Reivindicamos que en el “pesebre” que socialmente se nos ofrece y al que el pueblo español acude para alimentarse haya más, además del sustento y el bienestar prometidos.

En España acabamos de celebrar unas elecciones generales… En unas elecciones el abanico de “ofertas” suele ser amplio… los electores valoran, se decantan por una u otra y deciden… Proyectos, demandas, aspiraciones, ofertas... ¿Qué es lo que básicamente está demandando la sociedad española?¿Cuál es, a tenor de los resultados, el nivel de aspiraciones que alienta a nuestro pueblo?¿A qué aspiran nuestros conciudadanos? ¿Cómo queda el panorama en el campo de batalla tras el combate? Una conclusión se desprende entre otras de los resultados: fundamentalmente “pan” (trabajo, ocupación, empleo, curro, protección social…) es lo que continúa demandando con insistente prioridad una gran parte de la sociedad española, la cual no percibe ni por asomo que la tan cacareada recuperación económica haya llegado a sus hogares.
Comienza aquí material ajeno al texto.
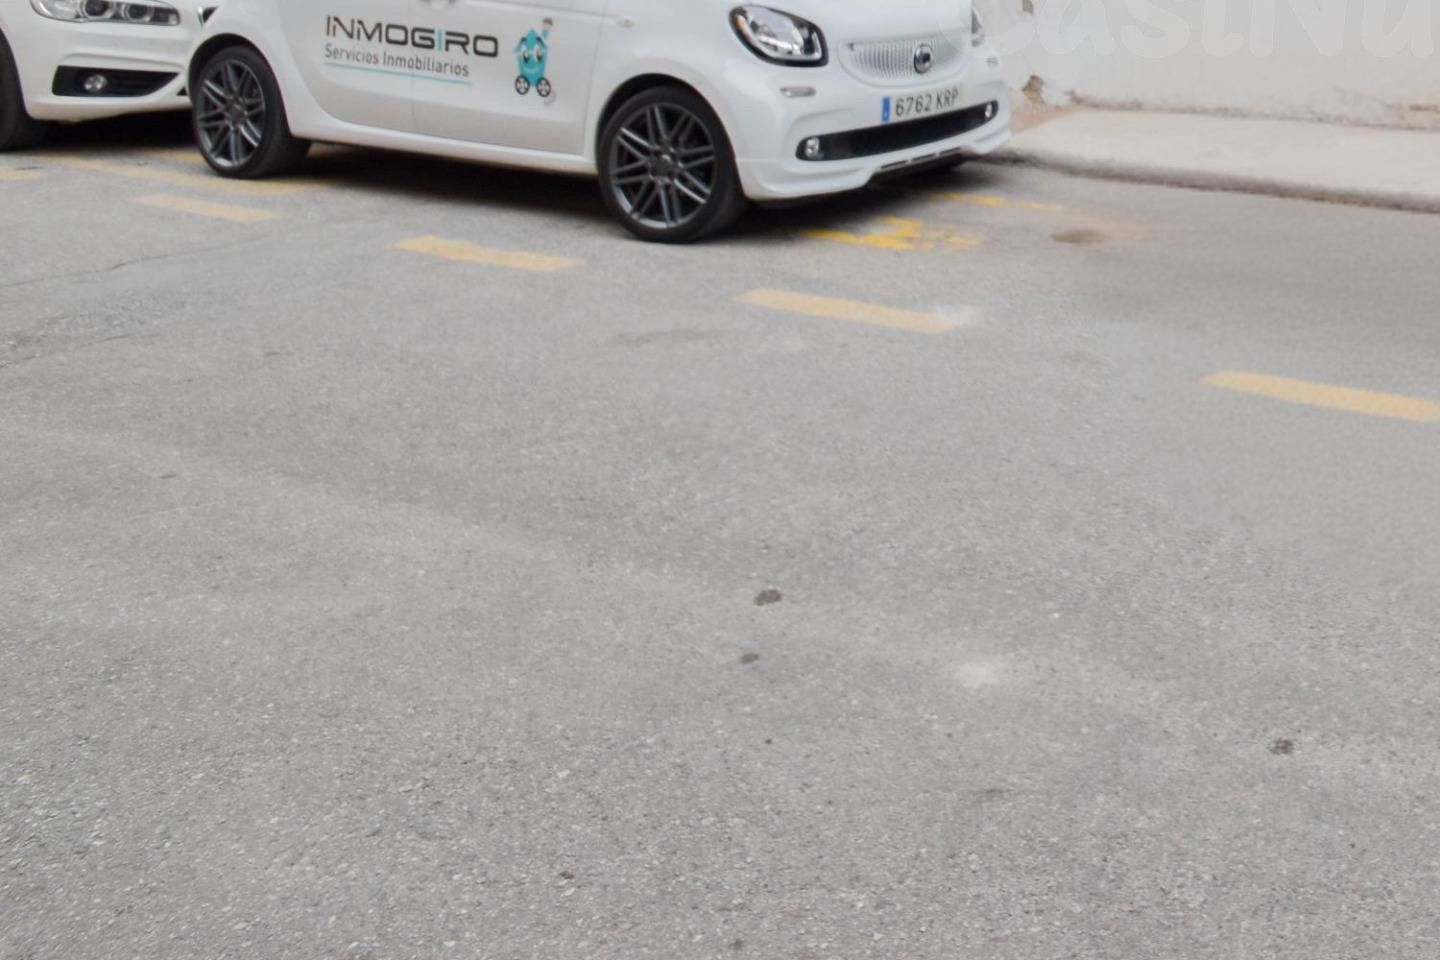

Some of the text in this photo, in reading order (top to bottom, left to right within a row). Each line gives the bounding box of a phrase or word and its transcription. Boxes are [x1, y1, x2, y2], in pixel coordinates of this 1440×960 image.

Durante la campaña, a tenor del cariz epidérmico, superficial, cosmético que ha inspirado el debate público y para confrontar críticamente con un pensamiento muy extendido y a menudo inducido mediáticamente, algunos hemos mantenido que siendo importante y prioritario demandar “pan”, no todas las aspiraciones del pueblo deberían acabar ahí… y ello porque “no sólo de pan vive el hombre”… reivindicando que en el “pesebre” que socialmente se nos suele ofrecer y al que el pueblo español acude para alimentarse haya más, además del sustento y el bienestar prometidos. Así lo entendieron también algunos ilustres personajes como F. GARCÍA LORCA cuando en su tiempo afirmaba: "Ataco a los que solamente hablan de reivindicaciones económicas sin nombrar jamás las reivindicaciones culturales. Cuando el insigne escritor ruso Fedor Dostoievski, pedía socorro a su lejana familia, sólo decía: ‘¡Enviadme libros, libros, muchos libros para que mi alma no muera!’. Tenía frío y no pedía fuego, tenía terrible sed y no pedía agua: pedía libros, es decir, horizontes, es decir, escaleras para subir la cumbre del espíritu y del corazón. Porque la agonía física, biológica, natural, de un cuerpo por hambre, sed o frío, dura poco, muy poco, pero la agonía del alma insatisfecha dura toda la vida". Y también MENÉNDEZ PIDAL cuando sostenía que el lema de la República debía ser: "Cultura" (entendida ésta en el sentido más amplio del término)  porque sólo a través de ella se pueden resolver los problemas en que hoy se debate el pueblo lleno de fe, pero falto de luz. Y también SAINT-EXUPÉRY con las siguientes palabras: "Nada esperes del hombre ni del pueblo que trabaja por su propia vida y no por su eternidad, que se mueve sin reposo para procurarse los pequeños y vulgares placeres que llenan sus almas, que sólo ve con los ojos de la carne, con una mentalidad racionalista y tecnócrata, y no con la mirada del corazón, capaz de entrega y adoración, de misterio y de gracia".¿A qué aspiramos pues individual y colectivamente? ¿A qué nivel quedan nuestras reivindicaciones y aspiraciones como pueblo?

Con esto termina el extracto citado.